The independent news portal, The Cradle on July 5 broke the news of Israeli citizen Elizabeth Tsurkov’s disappearance in Iraq, based on information from security sources in the country.

Hours later, Israeli Prime Minister Benjamin Netanyahu confirmed her disappearance, claiming the Iraqi resistance group Kataeb Hezbollah had kidnapped her - an allegation the group vehemently denied.

Tsurkov is registered as a Ph.D. student at New Jersey-based Princeton University and is said to be a well-known “anti-occupation” activist in the Zionist entity. The news appeared some three months after she allegedly went missing in Iraq.       

It was not long before a raft of old tweets were unearthed showing that she had been in military intelligence while in the Israeli occupation forces during the 2006 Lebanon war and that she had remained in the Israeli military reserves until at least August 2011.

Was it possible, people wondered, that she was in Iraq for nefarious purposes?

On the one hand, her supporters have issued howls of outrage in her defence, saying she was a principled anti-Zionist or at least an anti-occupation activist (whatever that might mean) and friend of the Palestinians.

The University of Princeton, where she is a graduate student, also defended her on Twitter, indicating that she is in Iraq doing field research.        

However, Princeton research rules forbid grad students to travel to "Category X" countries as determined by the US State Department. Iraq is listed as a Category X country.

Furthermore, Tsurkov reportedly travelled on her Russian passport and thus disguised her status as an Israeli citizen (which would have resulted in her being barred from the country).

The Zionist regime statement gives a possible clue on this saying that she was visiting on her "own initiative" and thus not officially as a student.

This would allow her to vitiate the rules and also give her plausible cover should she be there on some kind of spying mission for the Israeli regime’s Mossad or any other agency. 

It would, however, surely raise questions for Princeton that confirmed her role as involving research. As we have seen travelling to undertake research for her PhD would be a clear breach of the research rules of the institution, which would be forbidden under the rules.

In addition, it seems Tsurkov also traveled illegally to Lebanon for three months, again on her Russian passport.  Importantly, she is not researching Lebanon for her PhD.

When she was in Iraq, Tsurkov let it be known in media interviews (in Arabic) that she was not Muslim and also that she opposed "Eastern" influence in Iraq, meaning the role of Iran.

How she discussed this could easily be seen as encouraging opposition to Iran or its Iraqi allies such as Kataeb Hezbollah in the Arab country.

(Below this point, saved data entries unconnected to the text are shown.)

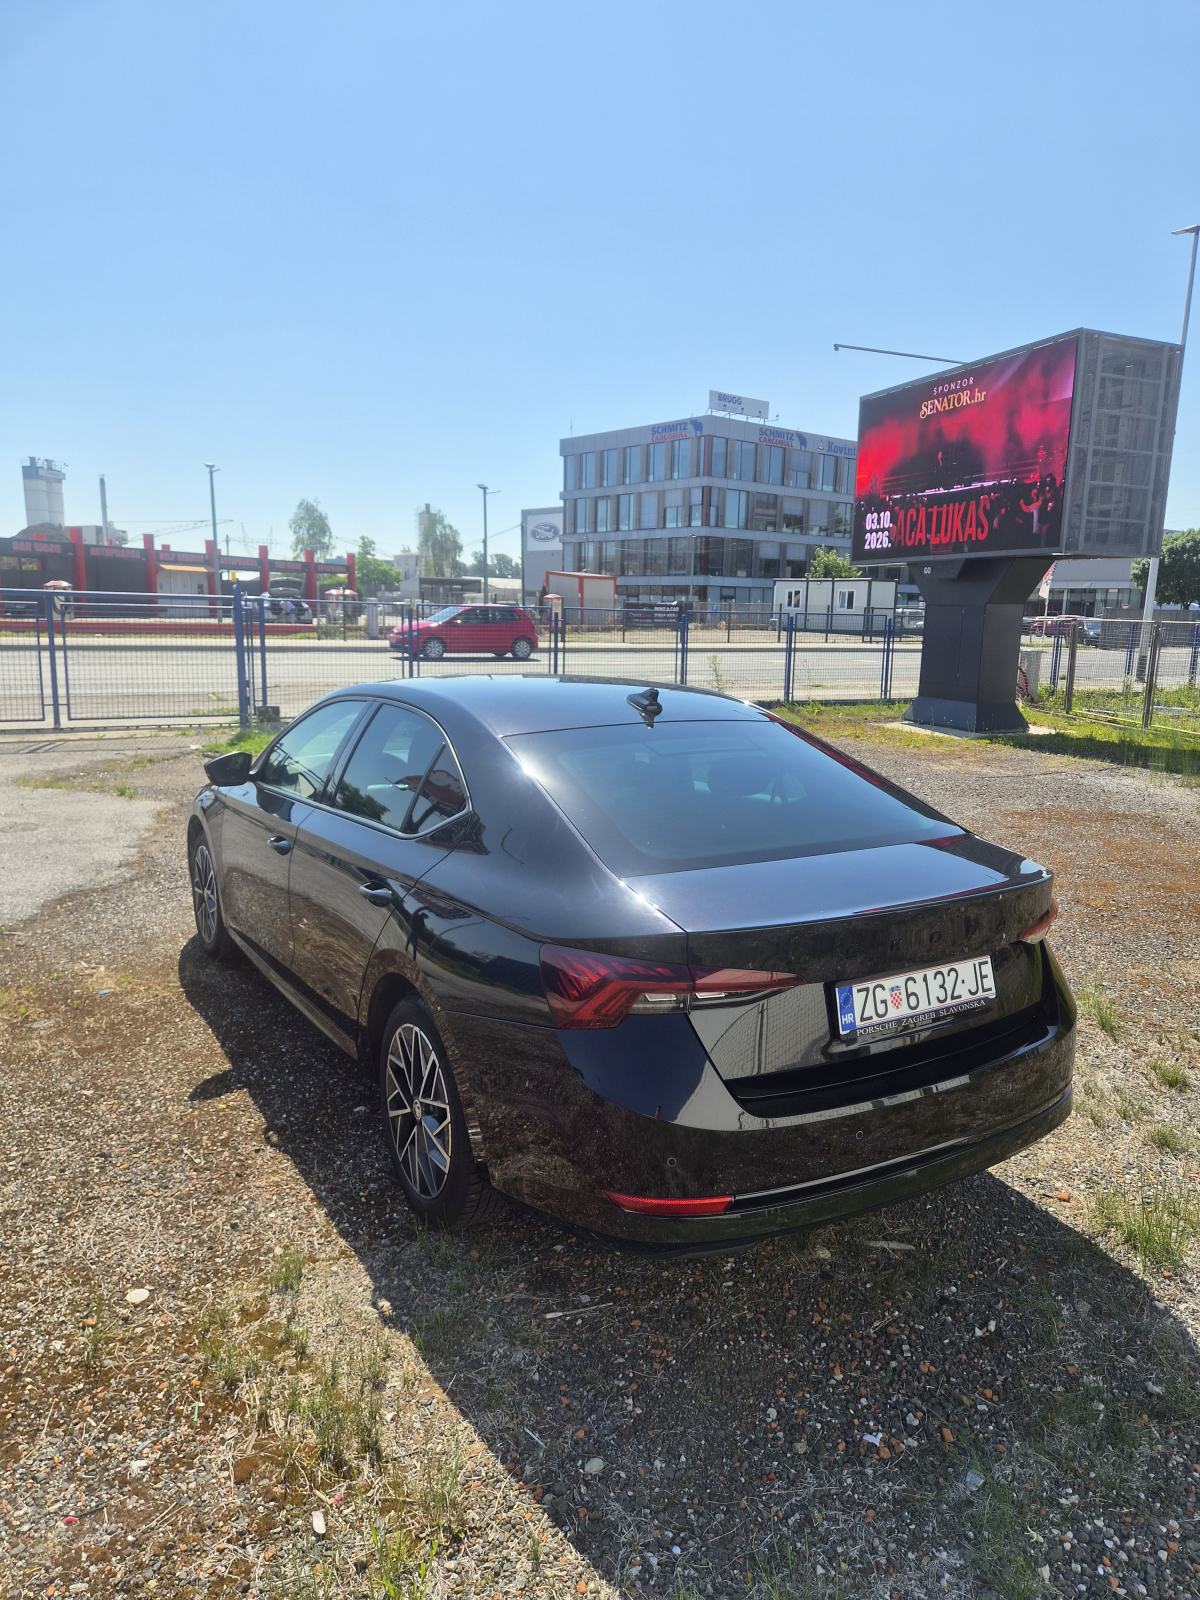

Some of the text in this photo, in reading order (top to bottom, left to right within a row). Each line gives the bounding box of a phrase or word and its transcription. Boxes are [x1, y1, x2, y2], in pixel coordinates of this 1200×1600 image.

[933, 377, 974, 395] SPONZOR
[717, 391, 743, 405] BRUGG
[920, 388, 986, 419] SENATOR.hr
[651, 421, 688, 435] SCHMITZ
[760, 427, 794, 442] SCHMITZ
[865, 511, 893, 530] 03.10.
[930, 495, 989, 545] LUKAS
[864, 531, 892, 549] 2026.
[857, 984, 889, 1023] ZG
[841, 1013, 855, 1026] HR
[857, 998, 987, 1037] PORSCHE ZAGREB SLAVONSKA

This would seem a plausible reason for her to be detained by the group, though there is no evidence to verify that.

Over the course of her life so far Tsurkov has had many experiences with intelligence agencies. In the period seemingly after she was an Israeli occupation forces reservist, Tsurkov engaged in research and advocacy in support of regime change in Syria, working directly with organisations known to be Western intelligence cutouts or proxies including Bellingcat, the Atlantic Council and an apparent CIA cut out, New Lines.

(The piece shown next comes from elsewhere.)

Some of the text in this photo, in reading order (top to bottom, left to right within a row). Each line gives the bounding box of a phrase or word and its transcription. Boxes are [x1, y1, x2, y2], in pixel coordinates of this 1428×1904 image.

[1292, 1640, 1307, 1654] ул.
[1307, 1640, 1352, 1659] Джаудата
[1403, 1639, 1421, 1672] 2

But the connections go way back.

They started when she was a child.  Her parents, Arkady and Ira, who now live in an illegal settlement in Palestine, were formerly citizens of the Soviet Union. 

While there, they were participants in a Zionist intelligence operation run by the ultra-secret Nativ intelligence agency. The leader of the operation in the Soviet Union was Anatoly Schcharansky (now known as a prominent Israeli politician under his Zionised name Natan Sharansky).

The campaign involved creating the false idea that there was a “new red anti-semitism” in the Soviet Union. Elizabeth’s father Arkady was Sharansky’s prison cellmate. Sharansky’s son wrote a piece about Elizabeth in the New York Times, titled “My brave, brilliant friend”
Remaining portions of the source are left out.